O que sabe o peixe sobre a água onde nada toda a sua vida?

ALBERT EINSTEIN

Um velhote japonês com cara de poucos amigos abriu-me a porta. Envergava um simples roupão, e pelo olhar inquisitivo que me lançou, era óbvio que não estava à minha espera.

Começava a temer ter sido vítima de uma brincadeira de mau gosto, quando o tal Yoshimura se apresentou e disse:

– O senhor é o quarto desconhecido que chega hoje a minha casa. Virão mais? Digo isto para pôr mais água a ferver. Os seus companheiros já estão a tomar chá.

Acrescentou esta última frase com um leve sorriso, como se no fundo a situação o divertisse.

– Companheiros? Mas do que está a falar? – perguntei, desconcertado, enquanto lhe mostrava o postal. – Eu apenas recebi…

– Sim, eu sei – interrompeu-me –, todos os que estão ali dentro me mostraram um postal igual ao seu. Trata-se de alguma aposta… ou há um programa de televisão por trás disto?
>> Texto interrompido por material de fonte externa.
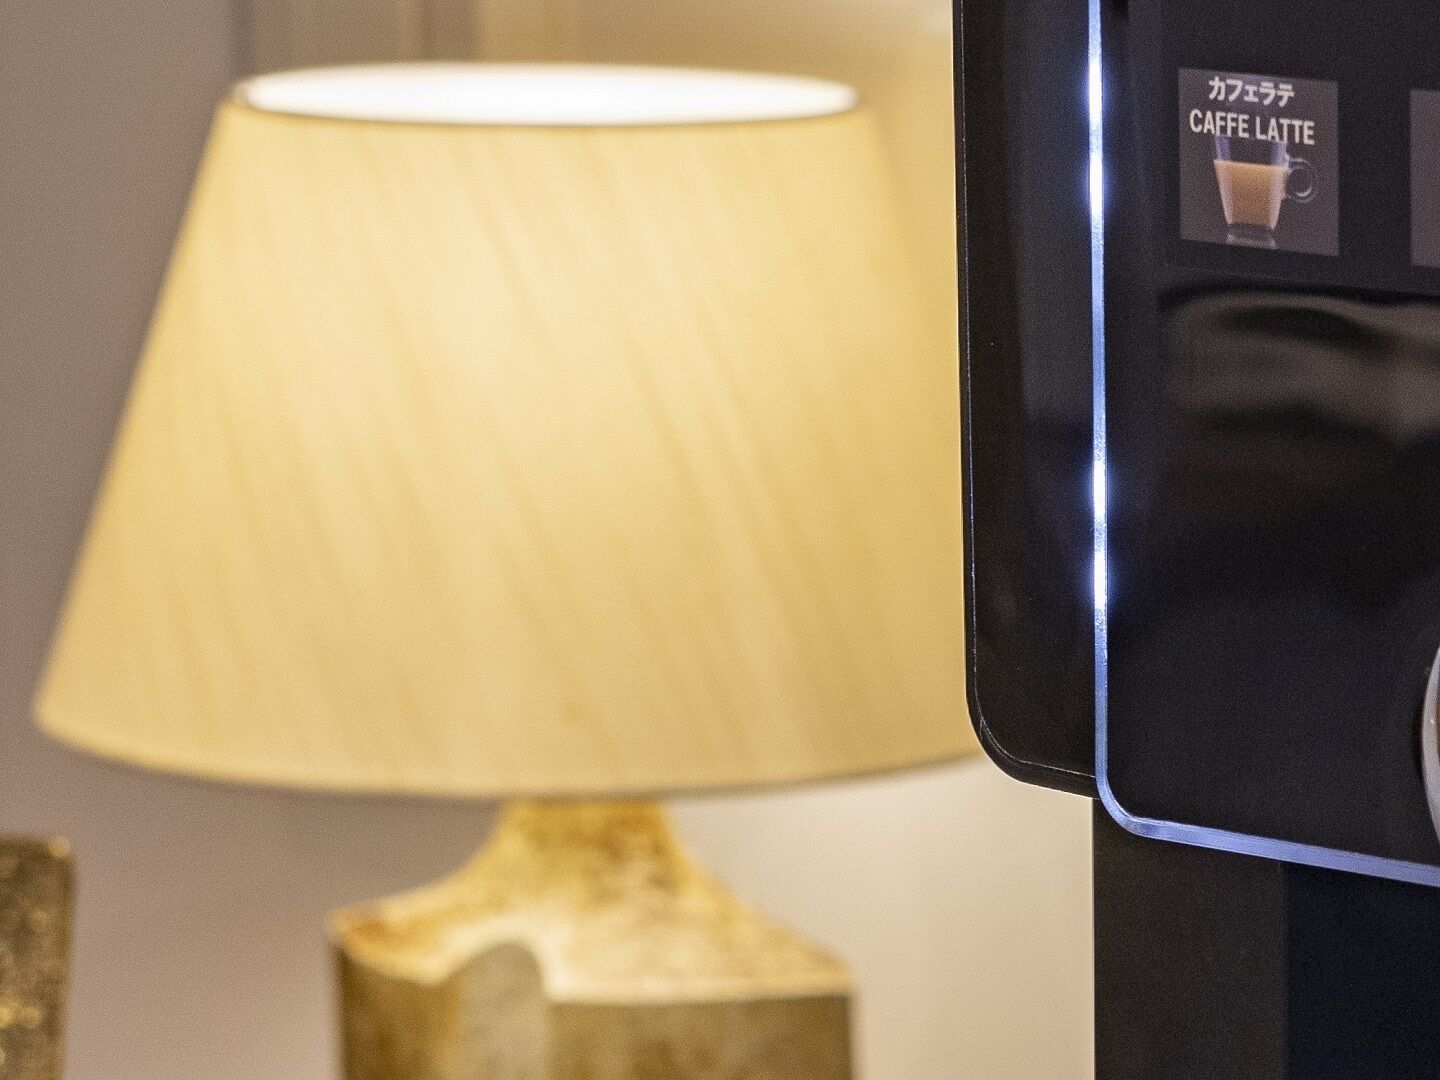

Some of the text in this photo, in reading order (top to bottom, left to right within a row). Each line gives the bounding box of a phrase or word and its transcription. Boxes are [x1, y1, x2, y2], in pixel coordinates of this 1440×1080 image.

Aquilo tudo era ainda mais estranho do que eu imaginara, por isso decidi desculpar-me perante o senhor e ir-me embora dali, mas o anfitrião já me indicava com a palma da mão que entrasse:

– Insisto que aceite uma chávena de chá. Não tenho nada a ver com esta convocatória, mas se o senhor e os outros estão aqui, por alguma razão há de ser.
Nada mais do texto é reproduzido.